All of us have been at a point where we wanted to lose some weight. Whether it’s just the 5-10 pounds we gained over the holiday, or we are looking to change our lifestyle and lose more to live a healthy life, we’ve all been there. There are so many “diets” out there claiming to be the quick fix to our problem. One of the most common methods is the low-carb diet. Why is this?

Let’s start by looking at where we get these carbs (carbohydrates). Carbohydrates are found in many of the foods that we eat from bread to rice to fruit to vegetables, even milk has carbs in it. Anytime we over consume carbohydrates, the body can turn this into fat. What we need to realize is though is that the body needs carbohydrates to function.

I’ll say that again, your body needs carbs to maintain throughout the day. Carbs provide us with energy. Aside from that, there is part of your brain that can only function off of carbs. The fiber that we get from these carbs keeps your digestive tract running smoothly if you will.

We’ll go through a simple breakdown of the types of carbs that are out there and which foods contain these. We’ll also look at which foods can make it easy to consume more than we need. There are simple carbohydrates and complex carbohydrates. This is referring to how many molecules are chained together, simple having one or two and complex having ten or more. Simple carbs then are easier to break down and you get the energy faster. The complex carbs have starch and fiber making them take longer to break down. Simple carbs can be found in fruit, honey, and anything containing added sugar or table sugar. When we eat fruit we’re intaking carbs, but we are also getting needed nutrients along with it. Consuming products that have added sugar (sugar that does not occur naturally) we are adding to the amount of calories and carbs we give our body for the day and most likely not consuming the nutrients it needs along with it, leaving us to have to eat even more to keep us going. Another problem with these foods with added sugar is how easy it is to break down and how fast you get the energy, your body burns through that energy quickly and you feel a “crash”. Examples of these foods are cookies, candy, sodas, and many boxed cereals. Grains and legumes are our main sources for complex carbohydrates. Examples of these are oats, wheat, rice, corn, and beans of many varieties. We get energy from these foods as well as nutrients, and the fiber in these foods helps us feel full longer because it takes longer for our body to process. When looking for grains that will give you the most of the needed nutrients, look for a label that says 100% whole grain. This means they left the grain intact, or in it’s natural state, so you get more from it than just the carbs.
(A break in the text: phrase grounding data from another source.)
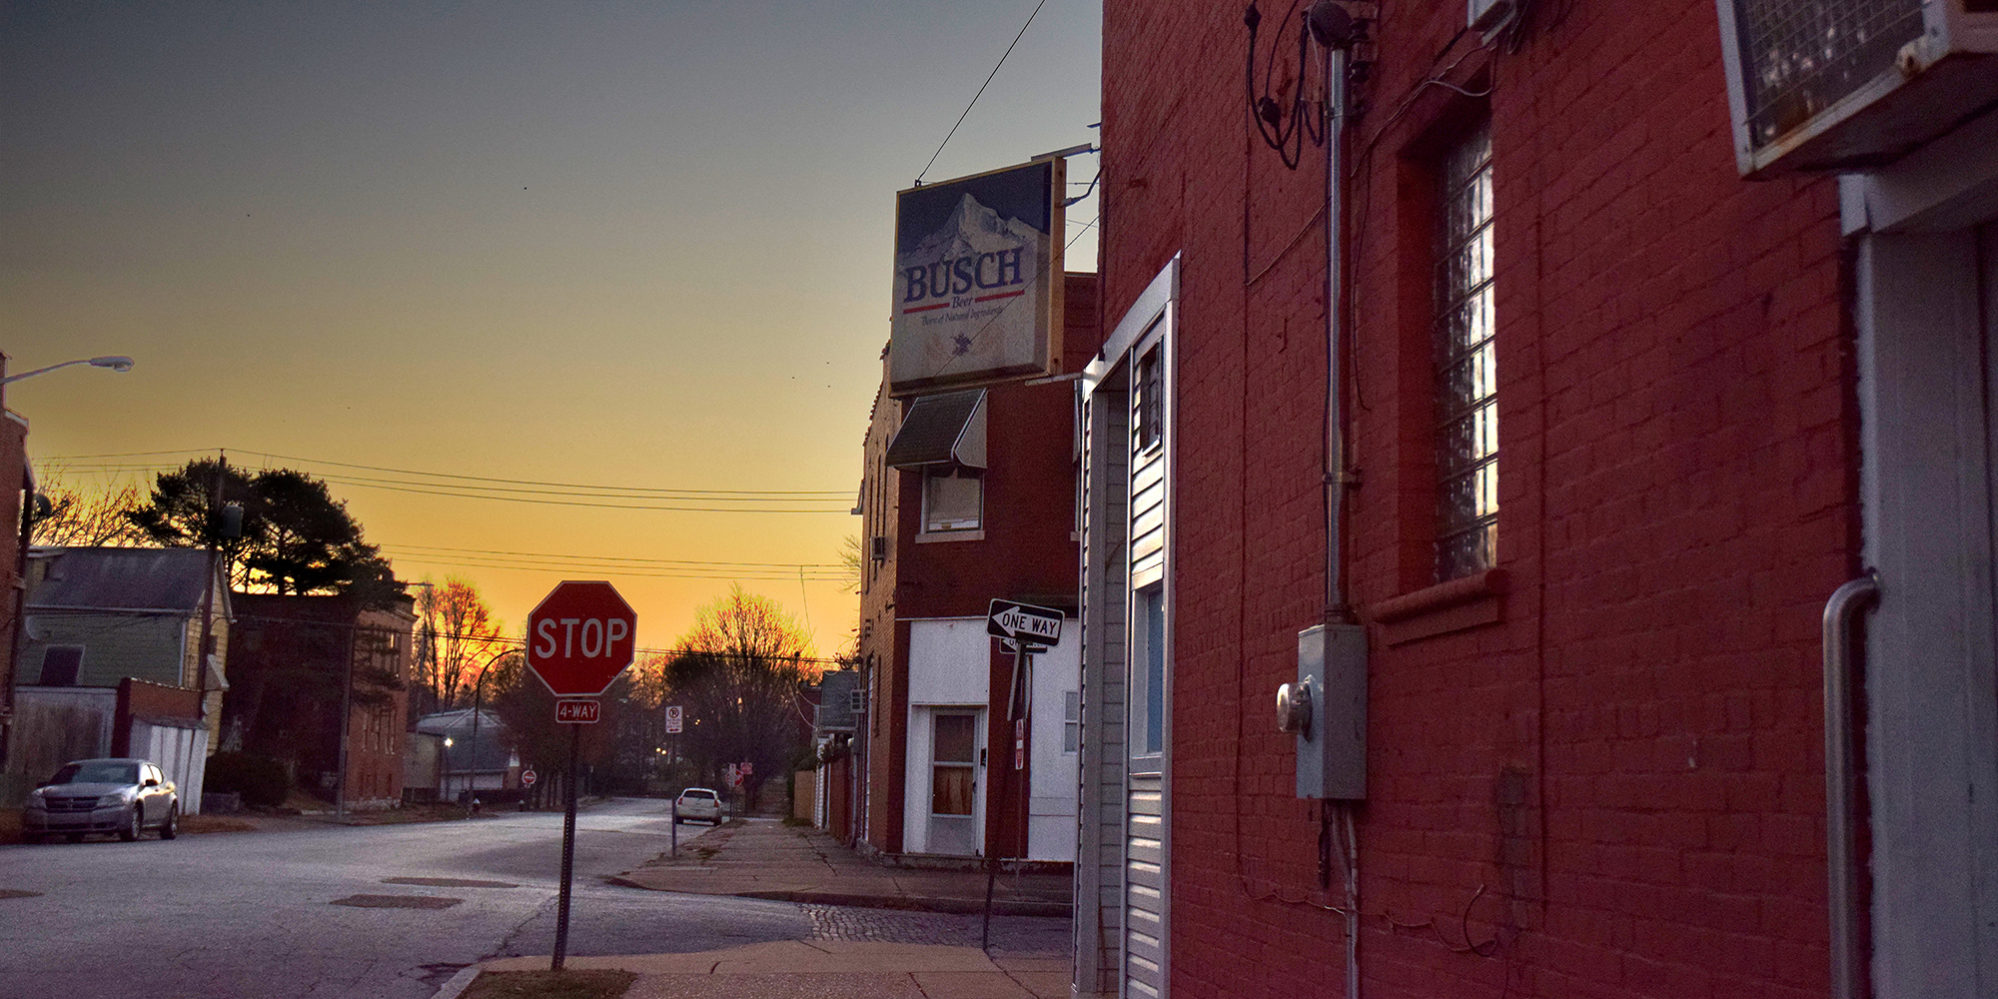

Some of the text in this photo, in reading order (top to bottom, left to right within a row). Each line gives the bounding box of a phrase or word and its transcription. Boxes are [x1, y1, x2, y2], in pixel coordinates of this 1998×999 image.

[904, 247, 1024, 303] BUSCH
[952, 296, 973, 308] Beer
[1002, 613, 1057, 635] ONE WAY
[535, 617, 628, 659] STOP
[560, 705, 597, 718] 4-WAY
Top: refined products  Bottom: whole grain products

Top: refined products

Bottom: whole grain products


How many carbs should you be eating?

The average, healthy and active person should get 55-65% of their caloric intake from carbs. This means if your goal is to consume 2000 calories a day aim for 275-325g of carbs a day. For a 1600 calorie diet aim for 220-260g of carbs a day. This amount is going to be different for those living a sedentary lifestyle. Before making any drastic changes to your diet, always check with your doctor.


What does this mean for the low-carb diet?

The low-carb diet is not the lifestyle change you can keep up with. Sure it will give you some quick results in the beginning, but they will not stick around. Do you really just want the quick fix anyway? The best way to lose weight is to monitor your caloric intake and fill it with the most nutrient dense options you can. Combining this healthy way of eating with regular exercise will get you lasting results. Remember, if you are losing 1-2 pounds a week, you are on the right track to a healthier lifestyle. 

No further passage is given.